Yo crecí escuchando cuentos como estos: “Ahí
donde está ese edificio había un cine pequeño”, “ese centro comercial era un
terreno con puro monte”, “antes aquí no estaba esa urbanización, sino un
terreno vacío”… y mi mente de ocho o nueve años se imaginaba cómo había cambiado
mi ciudad, más poblada y grande entonces que en la época contada por mis papás.
Hoy, el que tiene nueve años es mi hijo
mayor. Los cuentos que él me oye son más o menos así: “ese edificio que se está
cayendo era tremendo centro comercial”, “esas casas abandonadas eran las más bonitas
por aquí”, “este basurero antes era un parque”…
Lo lógico era que yo estuviera contándole
cómo la modernidad y tecnología de estos tiempos estuvieran apoderándose de
todas las infraestructuras a nuestro alrededor. Pero no, nada de eso, todo lo
contrario. Ya ni las fachadas desteñidas de los comercios en el centro se
pueden mirar. Dan pena. Unas latas de zinc pintadas anuncian una zapatería o un
supermercado o lo que queda de ellos. Santamarías abajo como un domingo eterno.
Centros comerciales vacíos, carreteras rotas, semáforos que ya perdieron su
función, jardines sin flores… Eso sí, mucha gente caminando. Pero no por gusto
o por tanto que ver y comprar en los negocios. Nada más alejado de la realidad.
Caminan porque, sencillamente, no hay transporte. Bueno, sí hay, pero muy poco,
poquísimo. En mal estado o improvisado. Las propias “carcachas” llevan y traen
a quienes se atreven a montarse. Qué triste.

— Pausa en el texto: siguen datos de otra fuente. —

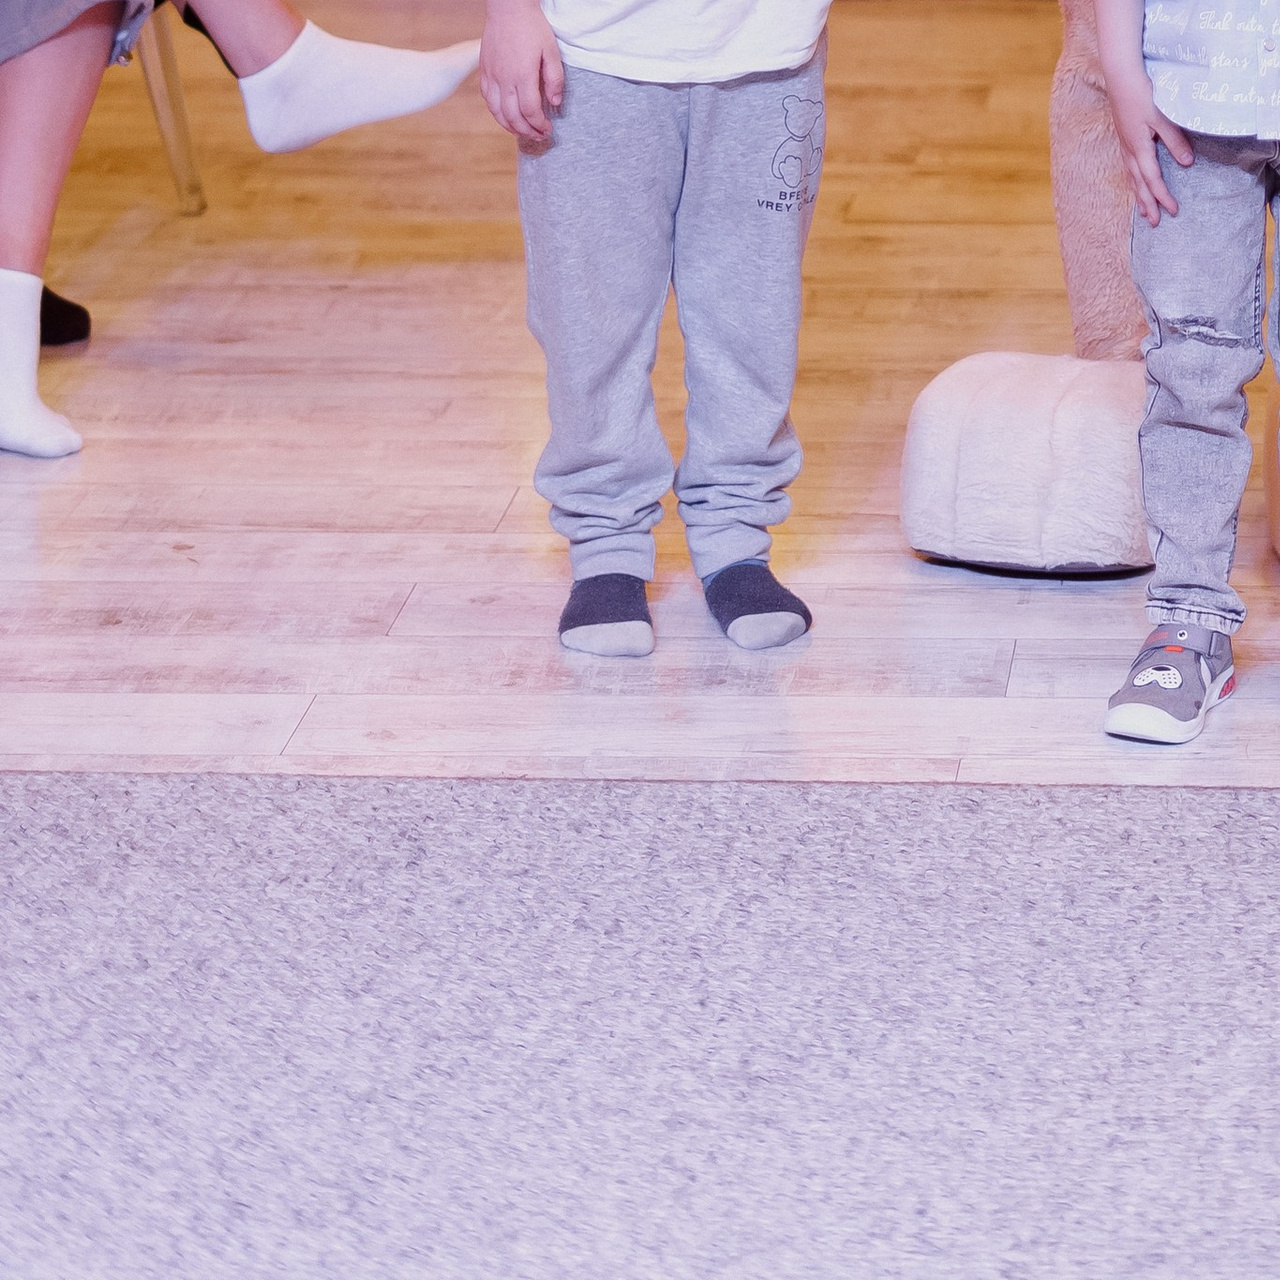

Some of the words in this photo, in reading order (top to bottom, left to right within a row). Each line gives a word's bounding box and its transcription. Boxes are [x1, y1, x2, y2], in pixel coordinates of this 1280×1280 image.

[1200, 10, 1233, 31] Think
[1211, 51, 1250, 69] stars
[1260, 59, 1280, 76] you
[1192, 82, 1229, 103] Think
[757, 198, 793, 213] VREY

A mí nunca me ha gustado salir mucho de la
casa. Estoy tranquila en mi “búnker”. Así he sido siempre; pero, en estos
tiempos de revolución, cuando salgo, el choque con la realidad –de la cual soy
consciente- es inevitable. Será porque encerrada me sigo imaginando las cosas
como eran antes y ojos que no ven…
Y así está todo el país. Tengo como tres
años viendo novelas. Nunca las vi por falta de tiempo e interés. Como las están
repitiendo, y tengo tiempo e interés, me he puesto a verlas. Me gustan porque
me río bastante, pero al mismo tiempo me da una nostalgia ver cómo era el país… Porque esas novelas
reflejaban la realidad de Caracas que, estoy segura, ahorita está tan
desdibujada como el resto de Venezuela. Lamentable.